Last month I wrote about the Irascible Erasmus, a donkey with a mind of his own.

This month I'd like to introduce you Yeknod.

We had her while we lived at and ran our guest house at Lille Maho on St. John. I was in my teens. I thought of her as mine and named her Yeknod, which you may have noticed is donkey spelled backwards. In temperament, she was the opposite of Erasmus.

Yeknod was docile and friendly. See how she's looking at the person taking this picture? She was more like a dog than donkey. She brayed a greeting to the first person she saw each morning. She nuzzled and pushed her head against your hands and body looking to be scratched between the ears or searching for a treat. More than once she followed me into the house when I went to fill her water bucket or get her favorite snack of grapefruit rinds.

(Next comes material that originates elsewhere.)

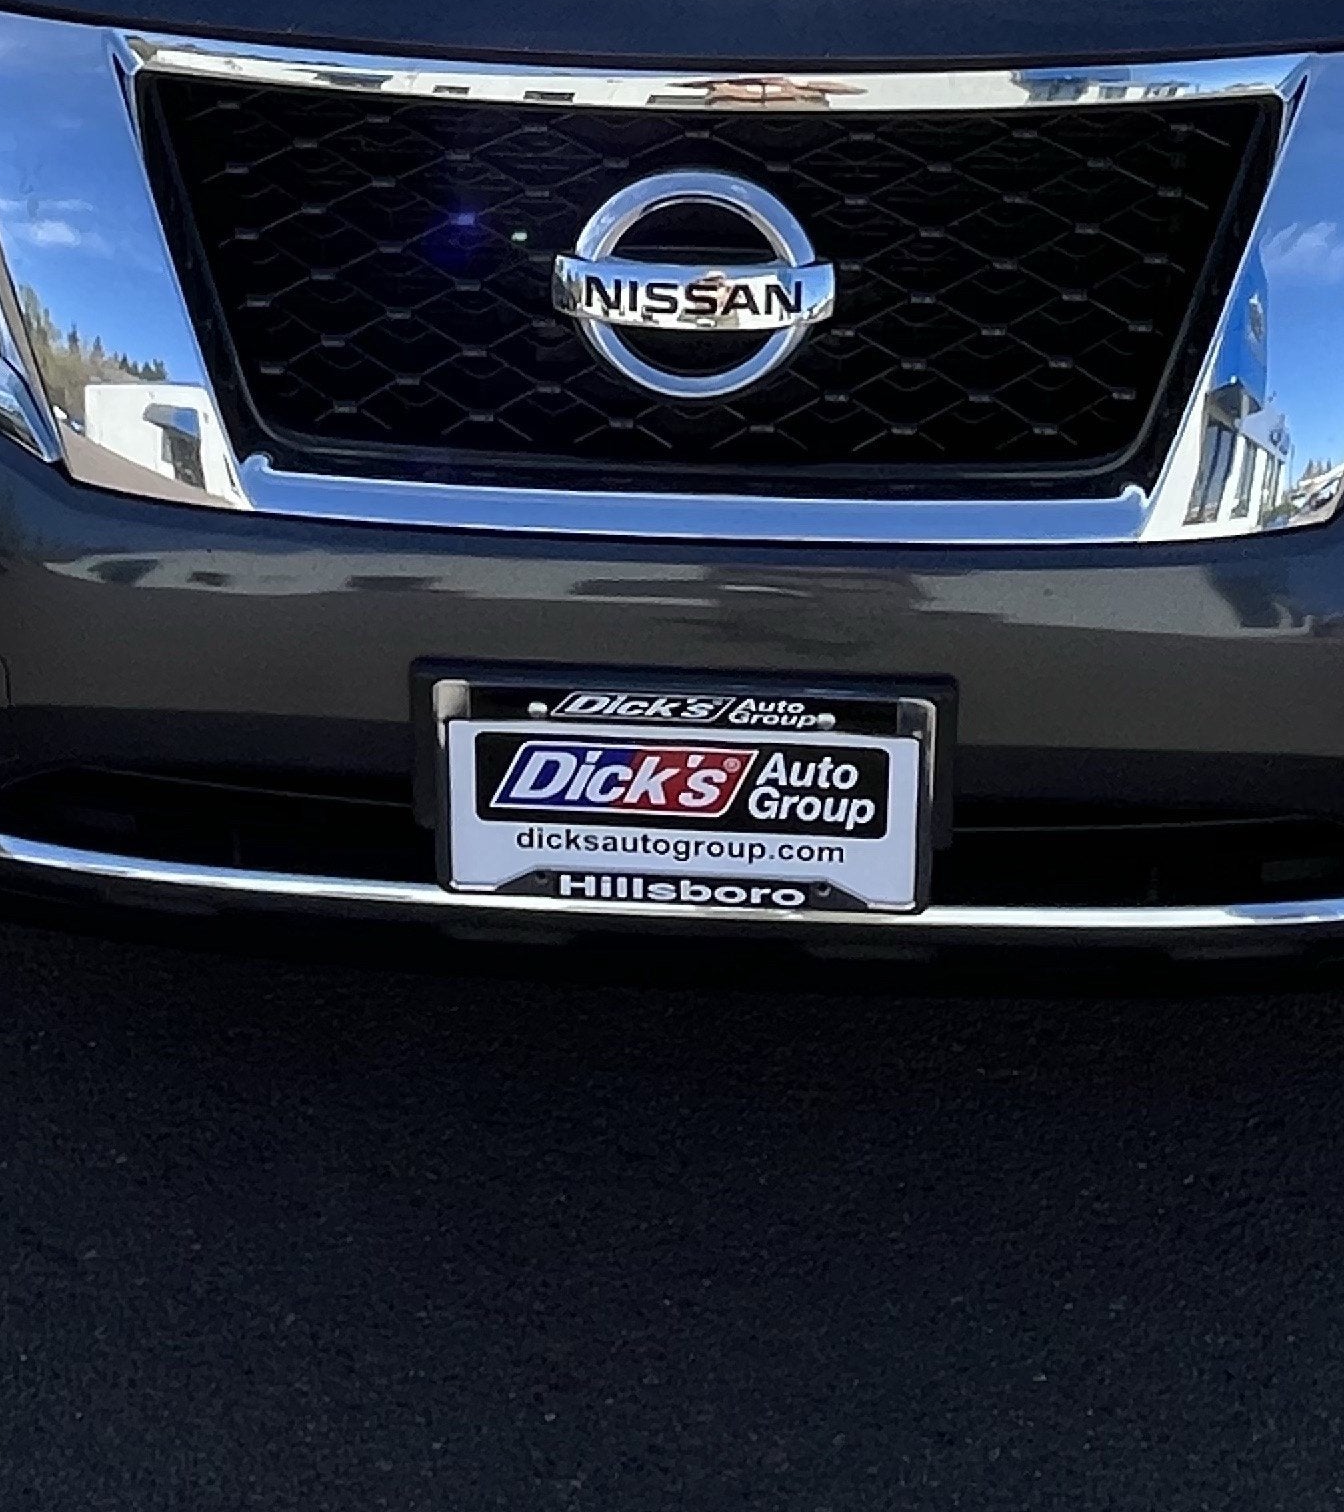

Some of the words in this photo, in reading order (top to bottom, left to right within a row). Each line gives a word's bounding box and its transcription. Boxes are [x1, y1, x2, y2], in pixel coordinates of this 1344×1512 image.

I had a western pony saddle which I used for long rides, but mostly I rode her bareback, often without a halter and reins, just her tether rope wrapped around her neck. Unlike Erasmus, Yeknod was born to be ridden and seemed to know when I was going to take her out.

I’d wind her tether rope around her neck, (which she didn't chew through) sling my saddle bags across her shoulders, hop up, and off we’d go.

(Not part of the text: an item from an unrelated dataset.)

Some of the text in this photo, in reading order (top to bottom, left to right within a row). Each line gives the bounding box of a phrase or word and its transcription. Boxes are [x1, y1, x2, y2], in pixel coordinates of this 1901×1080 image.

How, you may ask, do you ride a donkey without reins and bridle? All I did was tap her neck on the left and she’d go right, tap her on the right and she’d go left. Yeknod was also unique in that she could single foot, which was wonderfully smooth. To get her up to speed I’d tickle her between her shoulder blades. She had to work her way into it. The run would start out in that stiff-legged, spine jarring trot donkeys have, but with a little more tickling she'd pick up speed and then it was smooth sailing.

There were a couple of long flat places where I liked to get her to run; the stretch of road by Big Maho and the stretch by Cinnamon Bay. It seemed to me she knew what I wanted because she’d pick up her pace when we reached those places as if anticipating my fingers between her shoulder blades.

She was such an easy ride that I often rode with one leg hanging down, the other with knee bent resting across her shoulders in a kind of modified side saddle. I could switch legs and ride either side. She didn’t care.

Yeknod and I wandered all over St. John. Sometimes we only went out for a few hours. Sometimes we made a whole day of it (which is when I'd saddle her up). We’d go along the roads (most of which weren't yet paved) or explore the old foot trails. Usually on the way home we’d stop at Cinnamon Bay (the National Park Camp Ground), where I’d buy a ginger beer and take a dip in the ocean. I’d unwind her tether rope and tie her up in the shade somewhere. The people who ran the campground knew me and would loan me a bucket so I could give her water. She always attracted tourists and enjoyed their attentions. Occasionally I'd give kids short rides.

Maho flower. They are a
member of the Mallow
Maho tree
Only once did she behave out of character. I should have known she didn’t want to be ridden when she acted skittish. Foolish me, I tried to ride her anyway. She took off with me down the hill to the beach and headed towards a maho tree with low branches. I realized immediately she intended to scrape me off her back, but I didn’t have time to fling my arms around her neck, nor I could roll off her back as there were some rocks in the way. I only had time to stretch myself across her back, legs wrapped around her neck. As it was the branch she went under was so low it scraped the bottom of my chin. As soon as we were out from under the tree and free of rocks I rolled off her back onto the sand. She trotted back up the hill toward the house and brayed at me like she was laughing or heckling me.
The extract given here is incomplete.